What we need is no DRM and one format. It will happen eventually. I can tell you from looking at my royalty statement that so far Kindle is outselling every other format by a factor of at least 4. But I’m wondering if the new tablets are going to kill it, and then we’ll be back to the variety of file extensions.
I think we could probably lure back the small percentage of e-pirates who do download the books because they like them by resolving the format and price issues, but the majority of pirates will continue to pirate. You can get $.99 songs for the Ipod. (Which, by the way, altered music industry. Hardly anyone buys albums anymore, and earnings now have to come from touring.) Yet people still pirate these same songs, even though there is a legitimate and easy way to purchase them. There are thieves in this world.

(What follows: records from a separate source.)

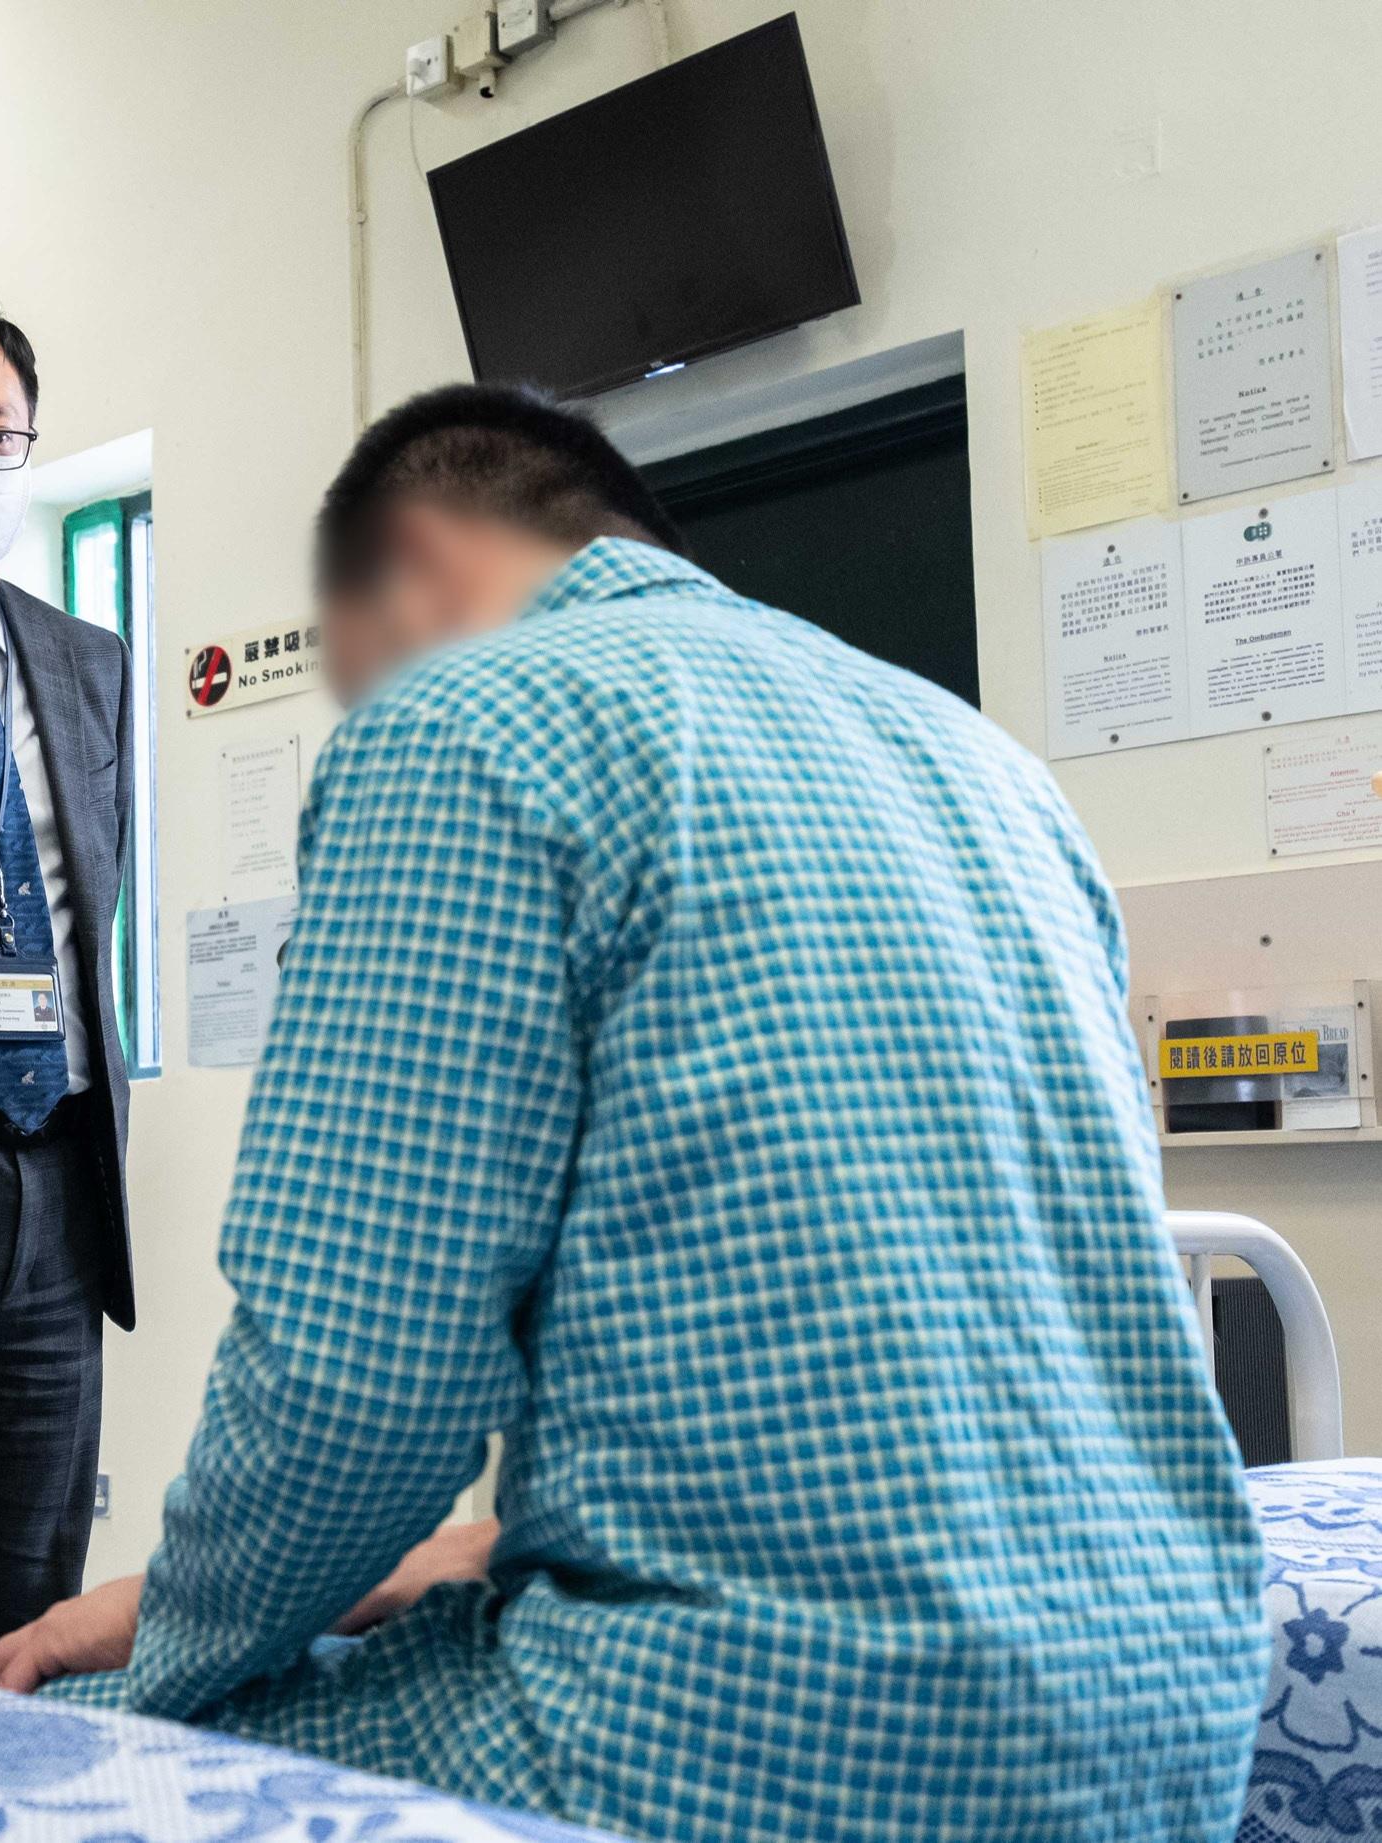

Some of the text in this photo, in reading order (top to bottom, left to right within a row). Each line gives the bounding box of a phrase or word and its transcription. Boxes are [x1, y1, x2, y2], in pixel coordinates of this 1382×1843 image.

[1239, 386, 1266, 398] Notice
[1249, 630, 1291, 643] Ombudsman
[238, 659, 322, 688] No Smokin
[1322, 1024, 1349, 1041] BREAD
[1169, 1041, 1306, 1070] 閱讀後請放回原位
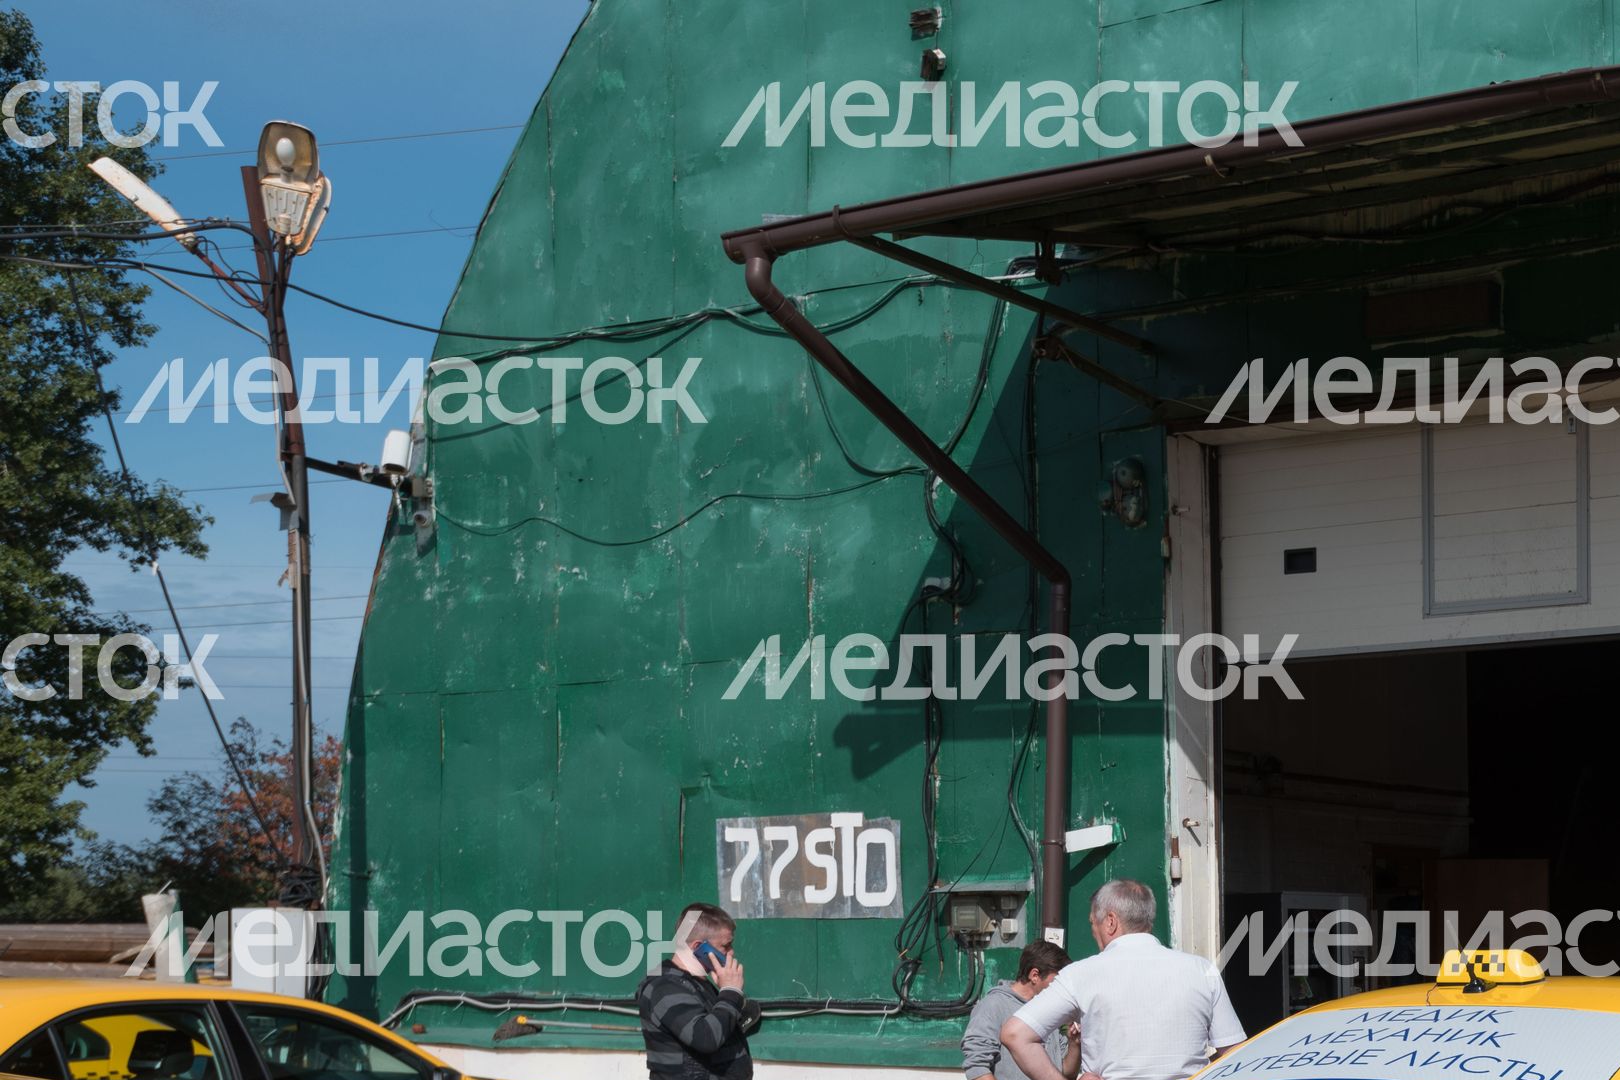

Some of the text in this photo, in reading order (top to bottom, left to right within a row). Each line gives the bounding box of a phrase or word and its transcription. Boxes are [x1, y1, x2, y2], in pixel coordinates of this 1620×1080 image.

However, I also used to have a donate button on the website under Free Fiction. I had to pull it down. I was getting donations of $50 and $75, mostly from foreign readers, and I didn’t feel comfortable taking that much money for what was free content. Which just goes to show that people can be very generous when they enjoy something you write.
E-publishing Experiment
Much is made of people who release e-content on Kindle and so on and earn some money from it. Cards on the table: my sales from Samhain so far netted me about $600. That’s a single short story of about $15K, priced at $2.99, or $1.99 on Kindle. Two bucks of which I think I get a little less than a dollar. I did as an experiment, not for the money. My advances for short stories and novellas to be printed in various anthologies average $5,000.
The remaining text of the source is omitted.